**Task requirements:** Copy every entry exactly as it reads and exclude whatever pictures appear.

--

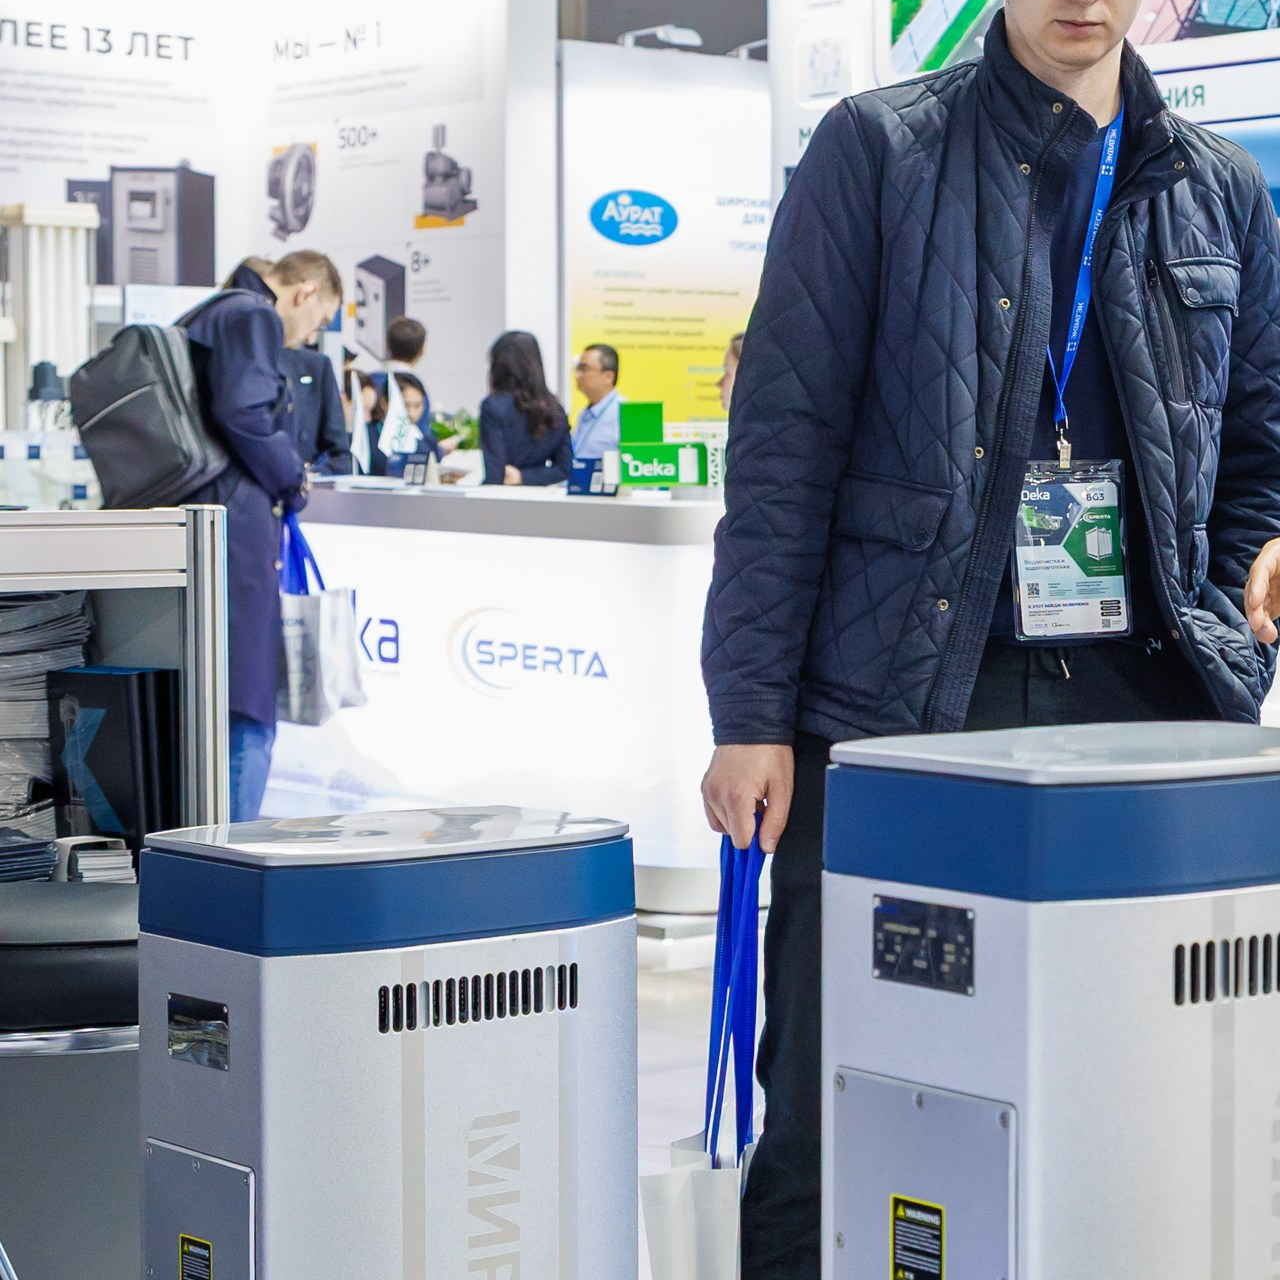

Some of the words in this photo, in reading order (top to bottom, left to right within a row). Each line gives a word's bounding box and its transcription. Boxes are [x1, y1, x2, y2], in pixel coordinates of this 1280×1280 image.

[82, 27, 112, 54] 13
[127, 32, 195, 61] ЛЕТ
[339, 126, 377, 149] 500+
[628, 458, 676, 477] Deka
[1021, 488, 1050, 501] Deka
[476, 640, 609, 679] SPERTA

--

**Completed task:**
Some of the words in this photo, in reading order (top to bottom, left to right within a row). Each line gives a word's bounding box and its transcription. Boxes are [x1, y1, x2, y2], in pixel coordinates of this 1280×1280 image.

[82, 27, 112, 54] 13
[127, 32, 195, 61] ЛЕТ
[339, 126, 377, 149] 500+
[628, 458, 676, 477] Deka
[1021, 488, 1050, 501] Deka
[476, 640, 609, 679] SPERTA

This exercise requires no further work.